**Instructions for the task**
Your answer should be the full data, transcribed exactly, with no pictures in it.

Annotated photo localization data:
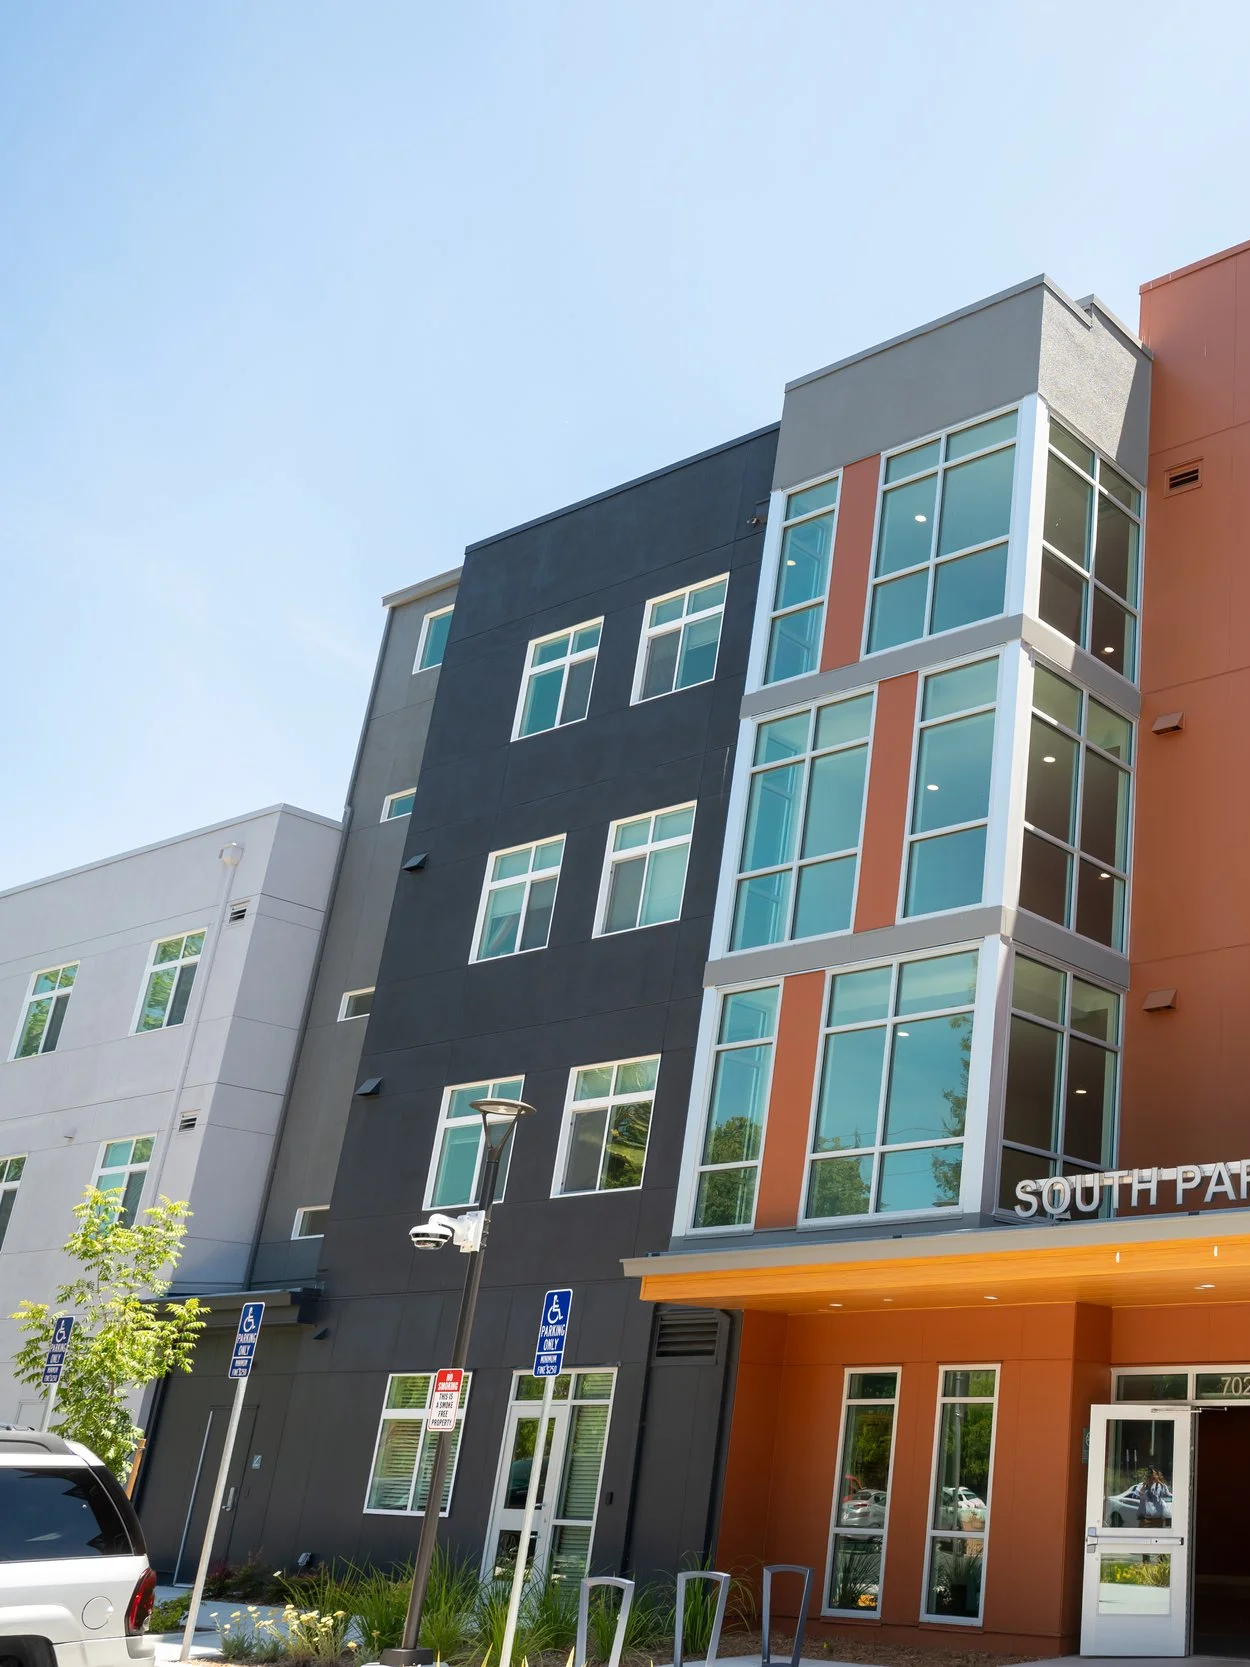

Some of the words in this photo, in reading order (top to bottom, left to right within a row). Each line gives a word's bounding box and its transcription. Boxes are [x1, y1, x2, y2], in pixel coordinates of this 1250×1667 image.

[1014, 1166, 1159, 1218] SOUTH
[540, 1324, 566, 1338] PARKING
[236, 1332, 258, 1344] PARKING
[543, 1338, 560, 1351] ONLY
[238, 1344, 251, 1356] ONLY
[540, 1355, 558, 1364] MINIMUM
[536, 1366, 546, 1375] FINE
[545, 1364, 557, 1375] $250
[445, 1373, 454, 1382] NO
[437, 1381, 459, 1391] SMOKING
[439, 1401, 454, 1409] SMOKE
[437, 1410, 448, 1418] FREE
[431, 1418, 452, 1427] PROPERTY
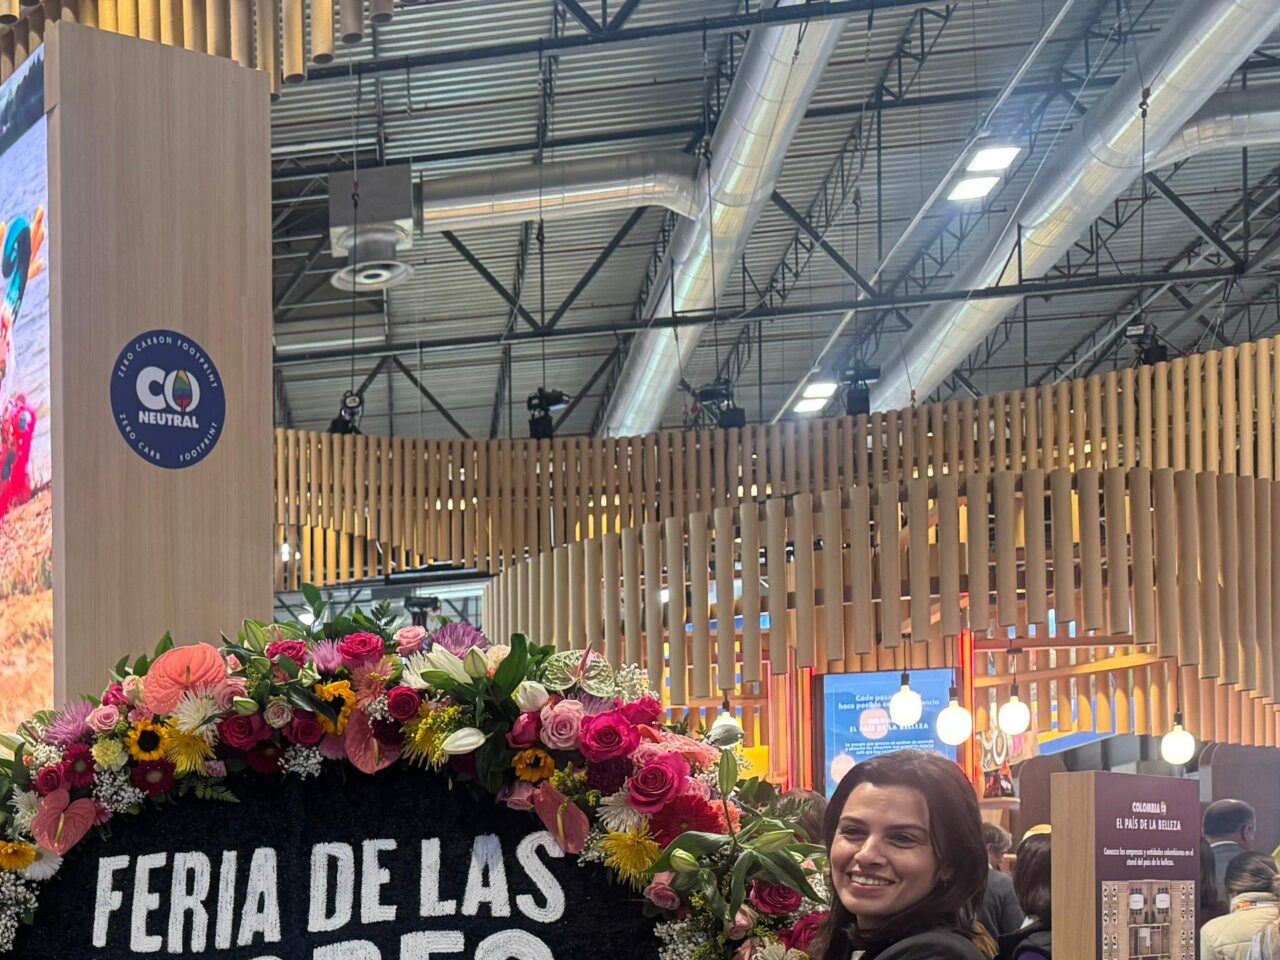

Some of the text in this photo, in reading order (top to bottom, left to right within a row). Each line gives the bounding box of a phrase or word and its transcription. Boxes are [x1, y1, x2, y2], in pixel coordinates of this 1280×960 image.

[118, 336, 217, 388] ZERO CARBON FOOTPRINT
[139, 411, 199, 428] NEUTRAL
[120, 413, 136, 440] ZERO
[179, 421, 218, 462] FOOTPRINT
[1116, 815, 1181, 831] EL PAÍS DE LA BELLEZA
[1132, 801, 1160, 813] COLOMBIA
[91, 830, 565, 953] FERIA DE LAS
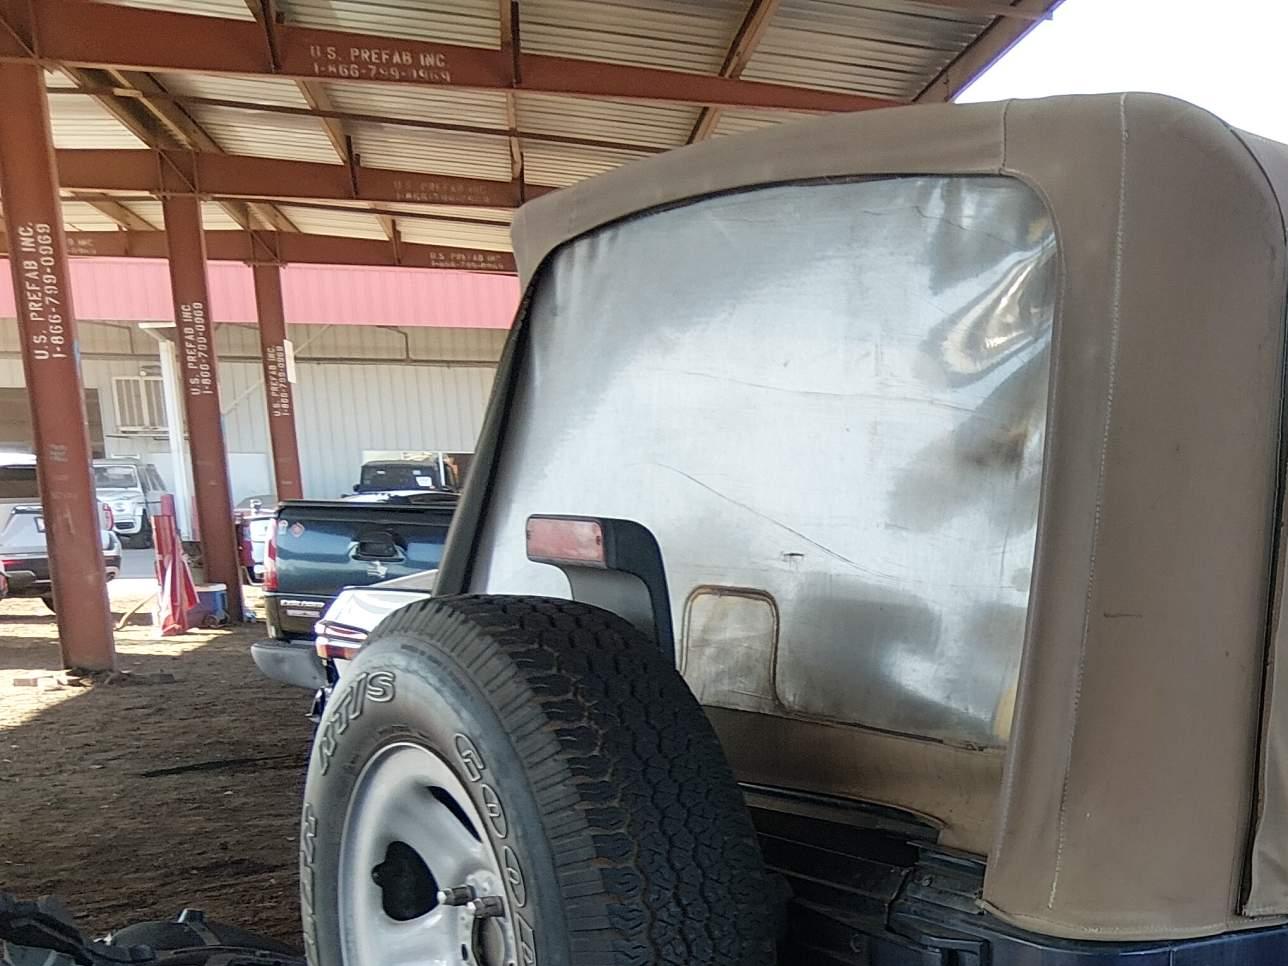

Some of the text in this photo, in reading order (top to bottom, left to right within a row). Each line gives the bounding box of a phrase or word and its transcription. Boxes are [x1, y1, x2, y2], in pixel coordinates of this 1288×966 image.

**Response box**
Some of the words in this photo, in reading order (top to bottom, left to right within a row). Each line gives a word's bounding box and its transcription. Boxes are [x1, y1, x2, y2], in pixel coordinates of this 1250×1667 image.

[1014, 1166, 1159, 1218] SOUTH
[540, 1324, 566, 1338] PARKING
[236, 1332, 258, 1344] PARKING
[543, 1338, 560, 1351] ONLY
[238, 1344, 251, 1356] ONLY
[540, 1355, 558, 1364] MINIMUM
[536, 1366, 546, 1375] FINE
[545, 1364, 557, 1375] $250
[445, 1373, 454, 1382] NO
[437, 1381, 459, 1391] SMOKING
[439, 1401, 454, 1409] SMOKE
[437, 1410, 448, 1418] FREE
[431, 1418, 452, 1427] PROPERTY

Some of the text in this photo, in reading order (top to bottom, left to right within a row). Each line gives the bounding box of a phrase or word and its transcription. Boxes are [x1, y1, x2, y2], in pixel coordinates of this 1280×960 image.

[118, 336, 217, 388] ZERO CARBON FOOTPRINT
[139, 411, 199, 428] NEUTRAL
[120, 413, 136, 440] ZERO
[179, 421, 218, 462] FOOTPRINT
[1116, 815, 1181, 831] EL PAÍS DE LA BELLEZA
[1132, 801, 1160, 813] COLOMBIA
[91, 830, 565, 953] FERIA DE LAS

Some of the text in this photo, in reading order (top to bottom, left to right within a row). Each line gives the bounding box of a phrase or word and its transcription. Boxes are [x1, y1, x2, y2], in pixel coordinates of this 1288×966 image.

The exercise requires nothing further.